* **What to do**: The data must be reproduced verbatim; images are to be omitted.

══ Supplied entries ══

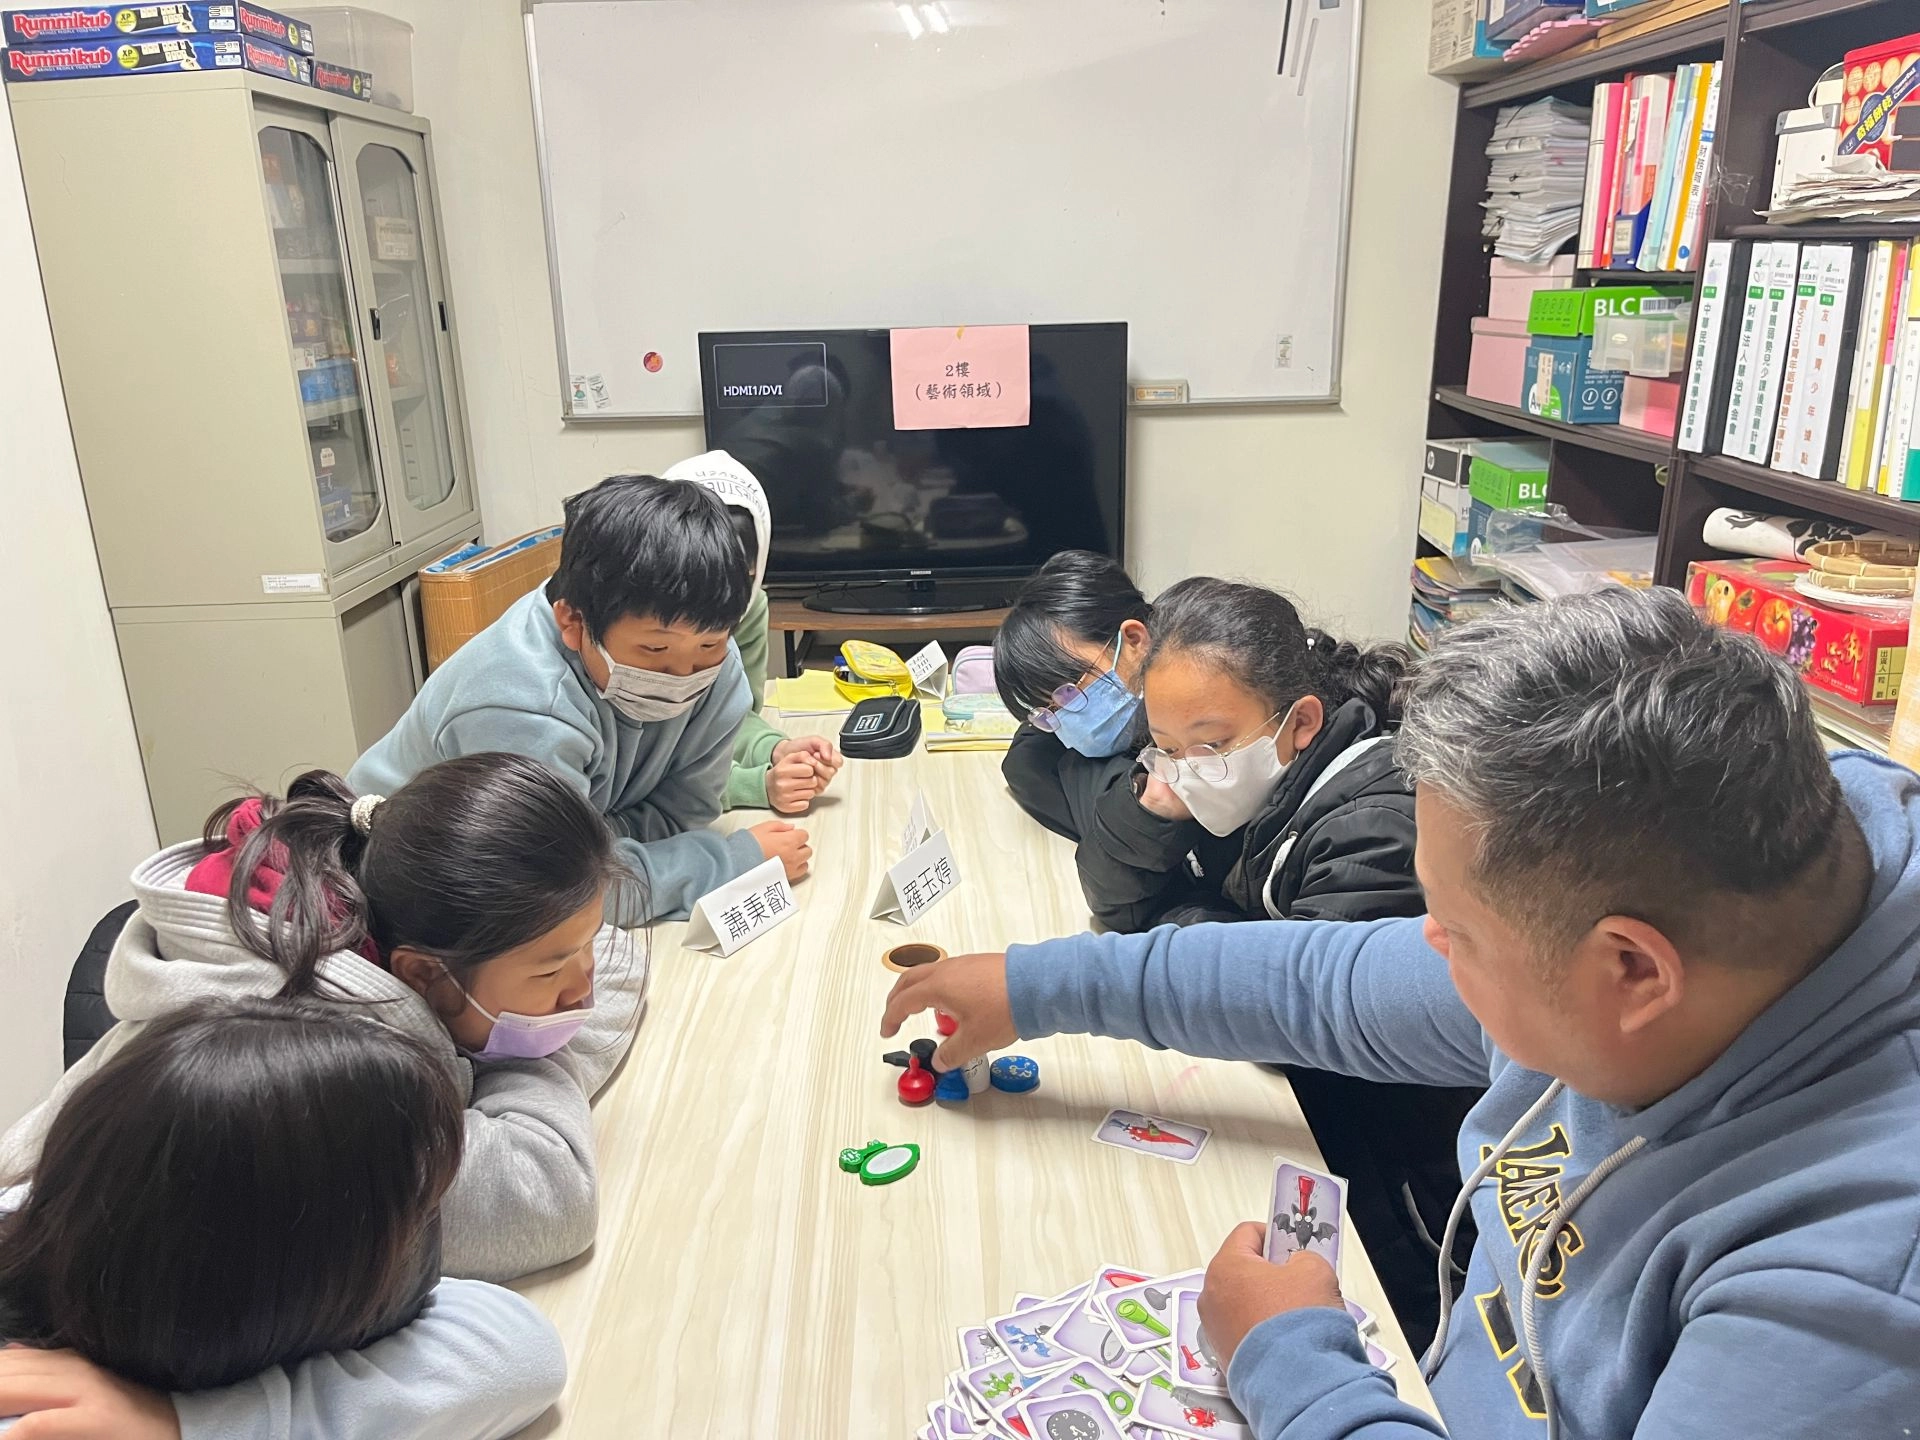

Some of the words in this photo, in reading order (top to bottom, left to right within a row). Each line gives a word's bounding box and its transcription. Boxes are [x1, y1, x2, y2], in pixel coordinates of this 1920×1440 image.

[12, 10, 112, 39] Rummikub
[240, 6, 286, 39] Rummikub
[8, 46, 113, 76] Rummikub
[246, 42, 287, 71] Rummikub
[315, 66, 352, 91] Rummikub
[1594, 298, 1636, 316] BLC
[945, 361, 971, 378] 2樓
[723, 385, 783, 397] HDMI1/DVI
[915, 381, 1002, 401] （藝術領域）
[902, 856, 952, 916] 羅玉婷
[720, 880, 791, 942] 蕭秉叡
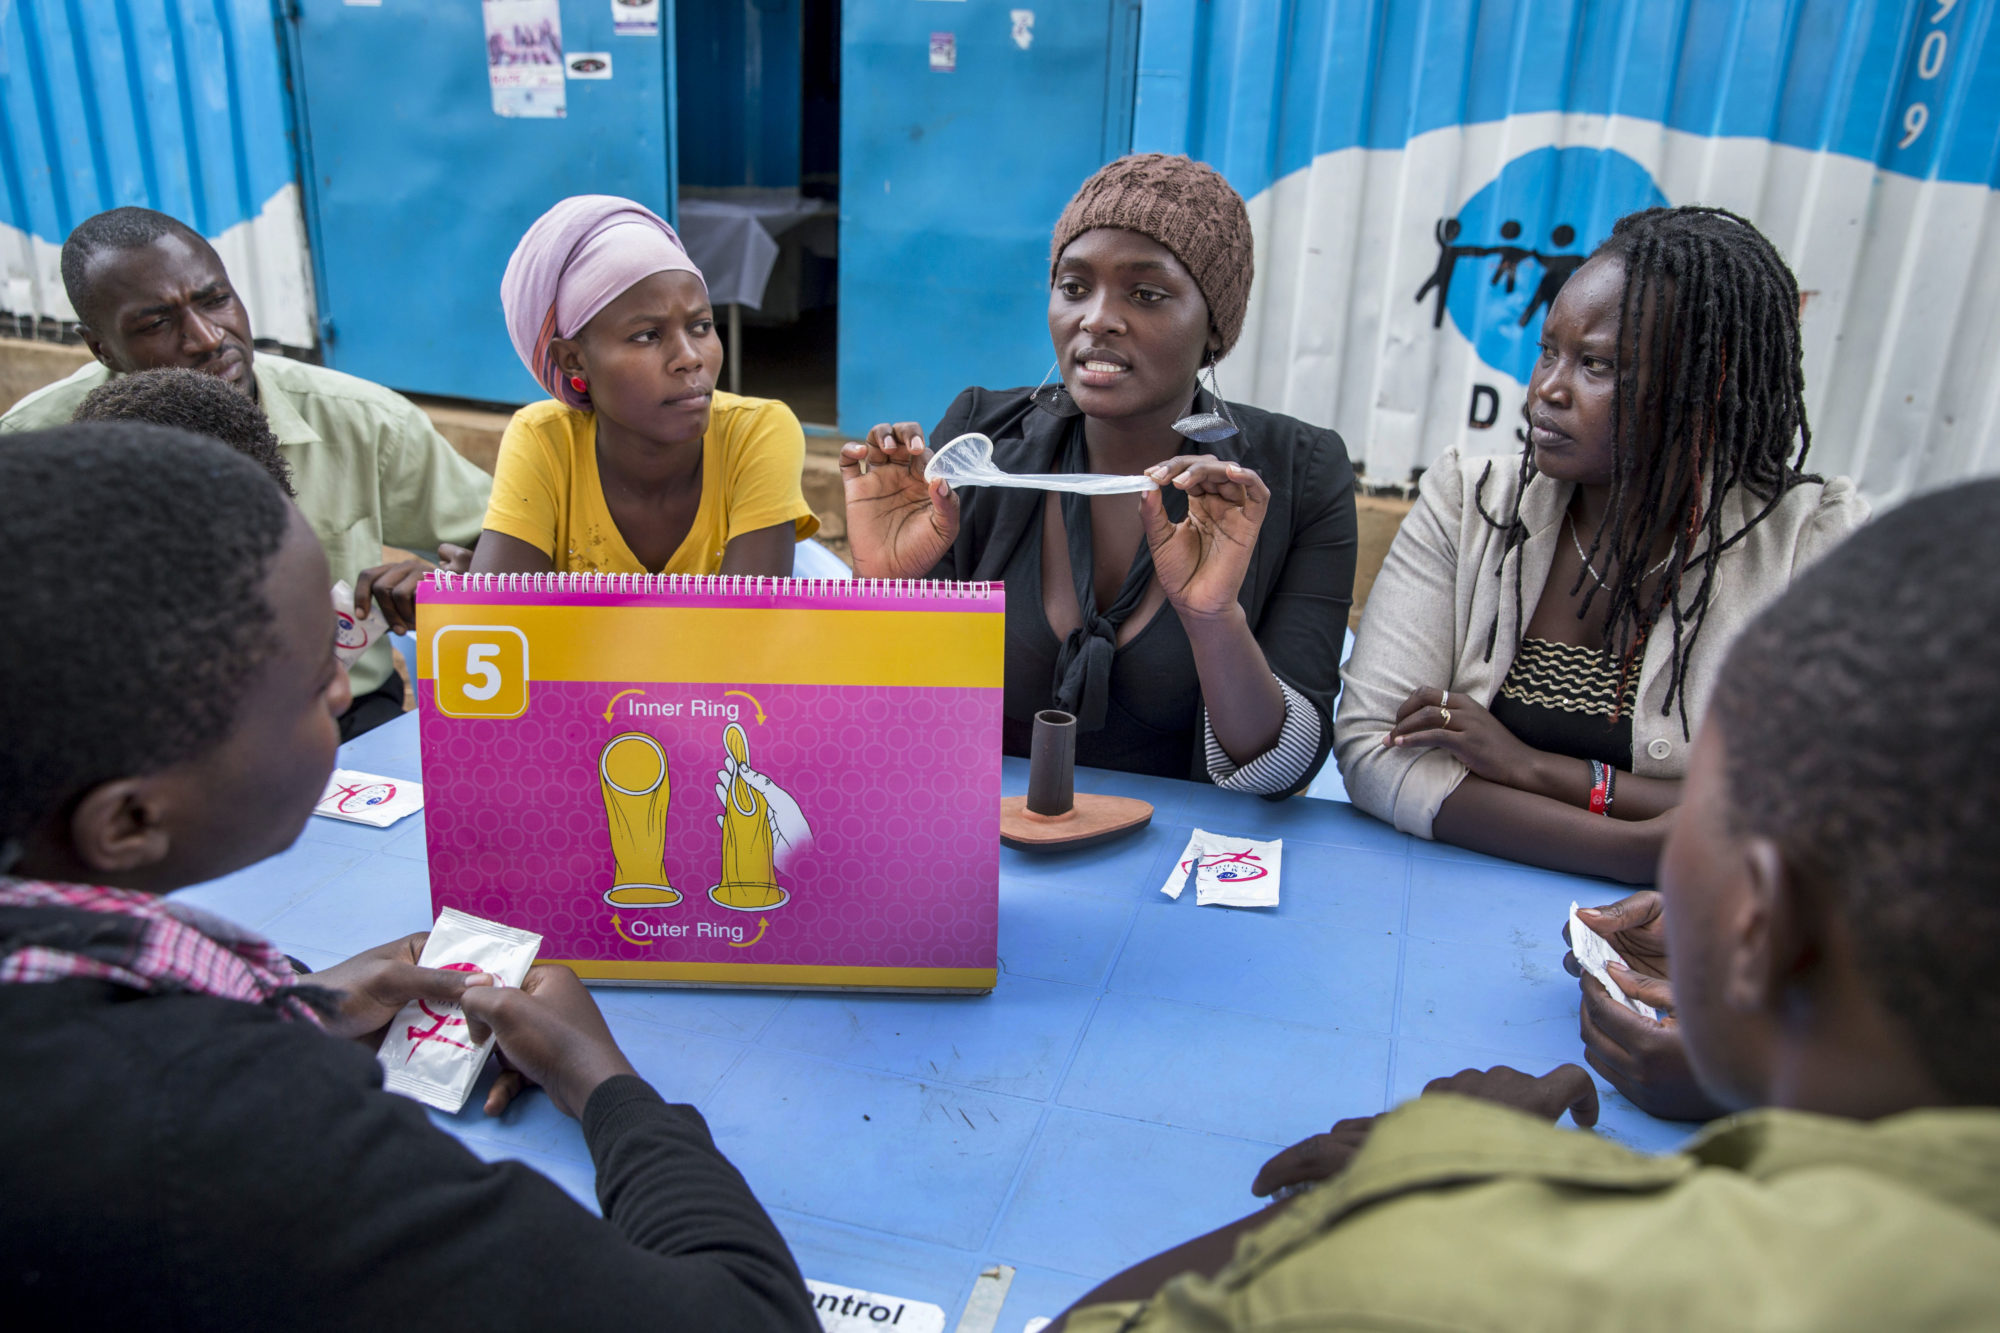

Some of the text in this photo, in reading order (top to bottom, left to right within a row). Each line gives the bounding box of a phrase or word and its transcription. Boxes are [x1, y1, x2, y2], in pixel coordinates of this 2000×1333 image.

═══

* **Solution to the problem**:
Some of the words in this photo, in reading order (top to bottom, left to right within a row). Each line gives a word's bounding box and its transcription. Boxes are [x1, y1, x2, y2], in pixel coordinates of this 1920×1440 image.

[12, 10, 112, 39] Rummikub
[240, 6, 286, 39] Rummikub
[8, 46, 113, 76] Rummikub
[246, 42, 287, 71] Rummikub
[315, 66, 352, 91] Rummikub
[1594, 298, 1636, 316] BLC
[945, 361, 971, 378] 2樓
[723, 385, 783, 397] HDMI1/DVI
[915, 381, 1002, 401] （藝術領域）
[902, 856, 952, 916] 羅玉婷
[720, 880, 791, 942] 蕭秉叡

Some of the text in this photo, in reading order (top to bottom, left to right within a row). Each line gives the bounding box of a phrase or word and its transcription. Boxes are [x1, y1, x2, y2], in pixel coordinates of this 2000×1333 image.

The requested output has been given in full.